Plantar Fasciitis Q & A

What is plantar fasciitis or heel pain? One of the most common causes of heel pain, plantar fasciitis, typically affects men and women between 40 and 60. Long-distance runners, ballerinas, and other athletes may feel plantar fasciitis pain even earlier in life due to activities that excessively stress their heels. When the thick ligament that connects your heel bone to your toes — the plantar fascia, which also supports your arch — weakens or is irritated, you feel pain.

Symptoms are often at their worst when you first stand up or begin to walk after getting out of bed in the morning. Plantar fasciitis pain may also occur after long periods of standing, and it gets worse after exercise, as opposed to while you’re participating in an activity.

Plantar fasciitis may also affect adults who stand on their feet many hours each day.

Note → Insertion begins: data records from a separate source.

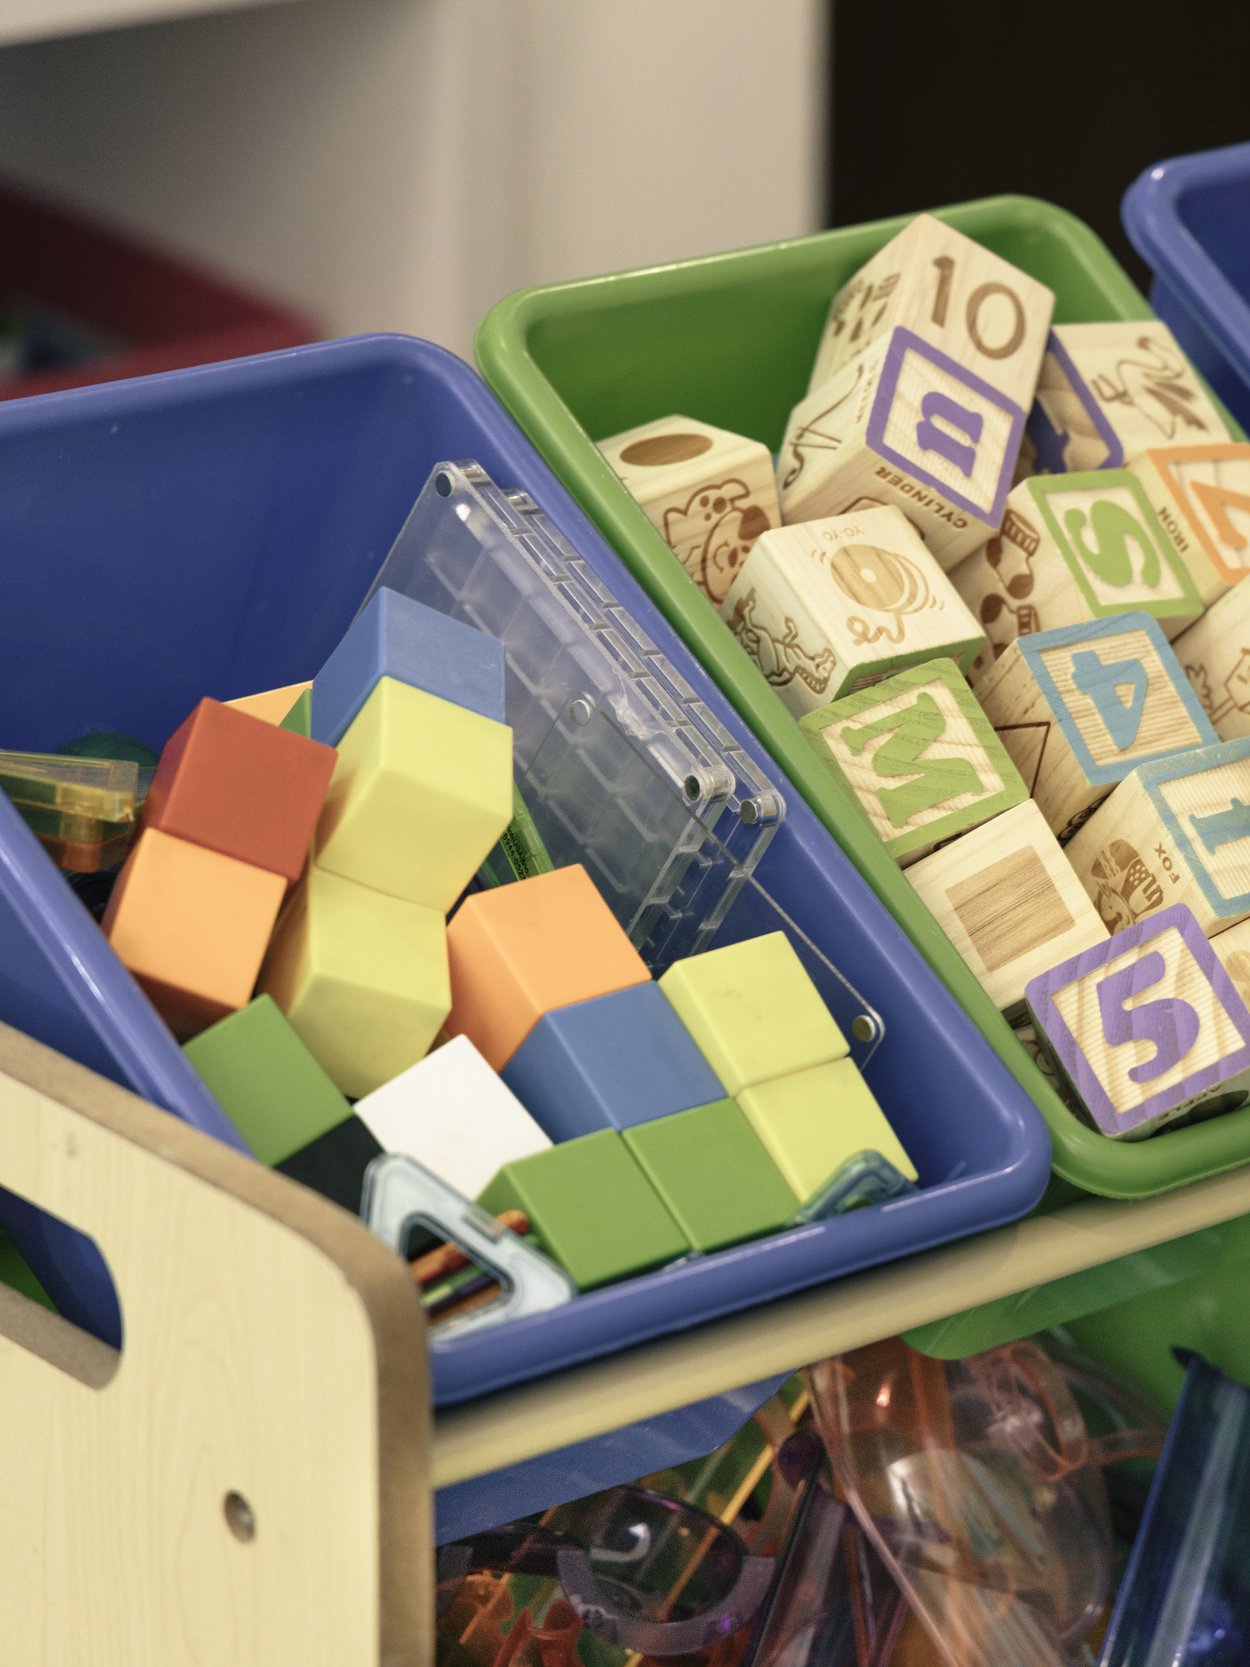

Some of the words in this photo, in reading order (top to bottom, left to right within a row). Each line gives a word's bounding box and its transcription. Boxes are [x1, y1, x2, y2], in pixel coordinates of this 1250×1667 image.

[931, 255, 1026, 359] 10
[916, 391, 984, 478] n
[875, 466, 968, 529] CYLINDER
[1157, 506, 1189, 553] IRON
[1064, 500, 1162, 588] S
[1071, 650, 1149, 751] 4
[840, 691, 984, 829] M
[1153, 842, 1180, 884] FOX
[1095, 951, 1200, 1085] 5

It can also be the result of wear-and-tear as you get older. The tension and stress on your plantar fascia may result in small tears in the ligament. This damage leads to stabbing heel pain or pain across the bottom of your foot.

What are the causes:

  • Very high arches or flat feet
  • Tight Achilles tendons or calf muscles
  • Occupations that involve walking or standing on hard surfaces many hours each day
  • Extra weight/obesity
  • History of wearing unsupportive shoes, or shoes that don’t fit properly
  • A history of repetitive impact due to running and jumping
  • Additionally, women tend to be at higher risk for developing plantar fasciitis than men.

What are the treatment options for plantar fasciitis?

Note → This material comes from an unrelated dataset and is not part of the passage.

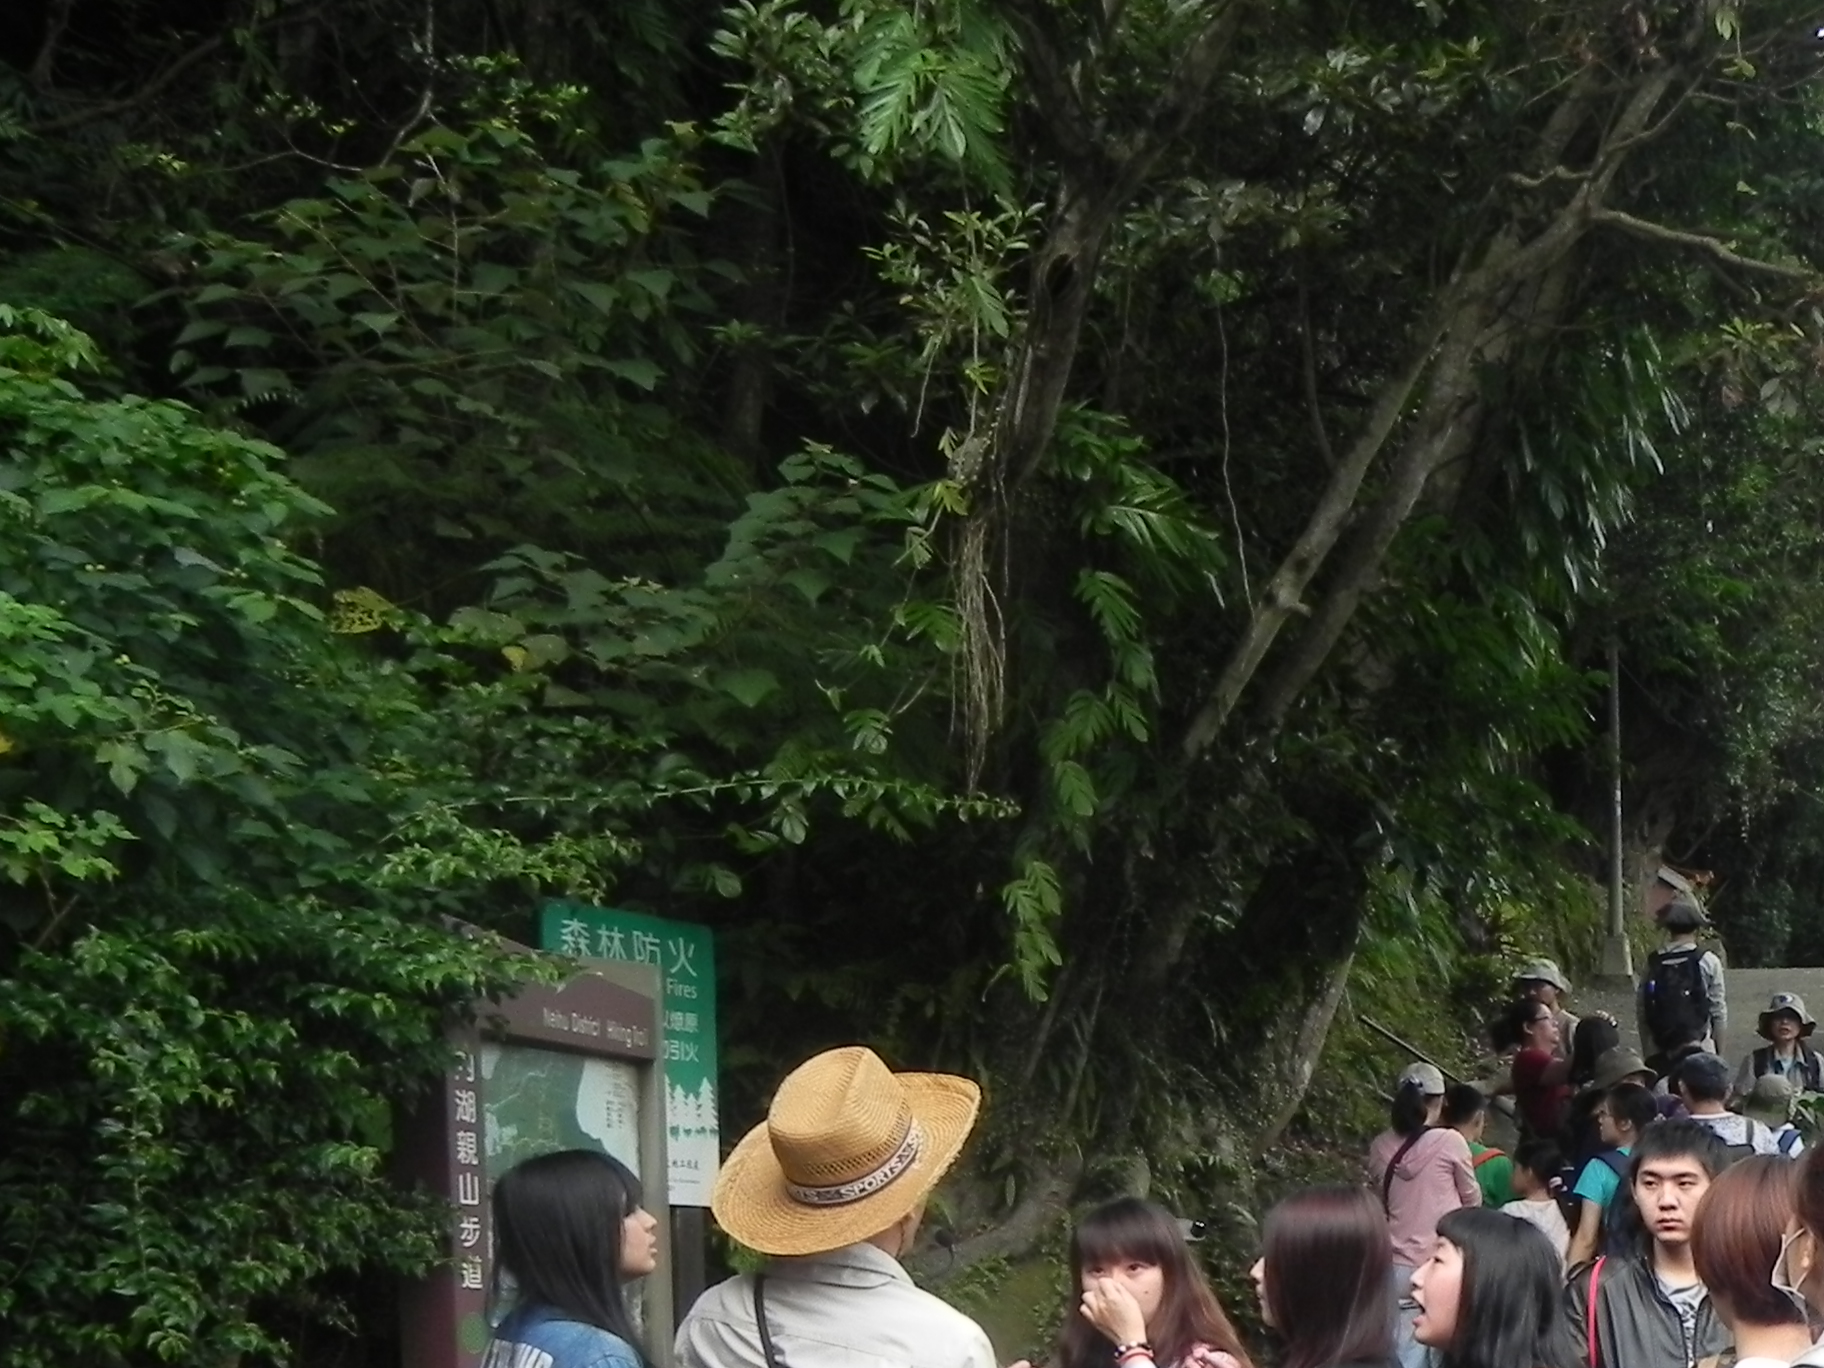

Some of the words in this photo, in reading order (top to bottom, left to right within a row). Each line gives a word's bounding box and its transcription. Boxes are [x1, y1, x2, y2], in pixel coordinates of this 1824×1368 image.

[561, 918, 698, 977] 森林防火
[666, 977, 698, 999] Fires

If you experience chronic heel pain, it’s a good idea to seek medical care before you develop bone spurs on your heel — a common occurrence for those with plantar fasciitis. Dr. Metyk expertly diagnoses and treats plantar fasciitis pain using the latest techniques and procedures. These may include

  • Custom foot orthotics to provide adequate support in your shoes
  • Physical therapy or stretching exercises to release tight calf muscles
  • Medications to reduce inflammation and swelling
  • Wearing therapeutic night splints that stretch ligaments and muscles
  • Injections to promote healing of the tissue from within

Stem cell therapy works very well without surgery, to learn more about stem cell therapy click below.

Dr. Metyk treats your condition conservatively at first to relieve underlying causes of strain and provide prompt relief from painful symptoms. As a last resort, a surgical procedure to release tension in your plantar fascia may provide long-term relief.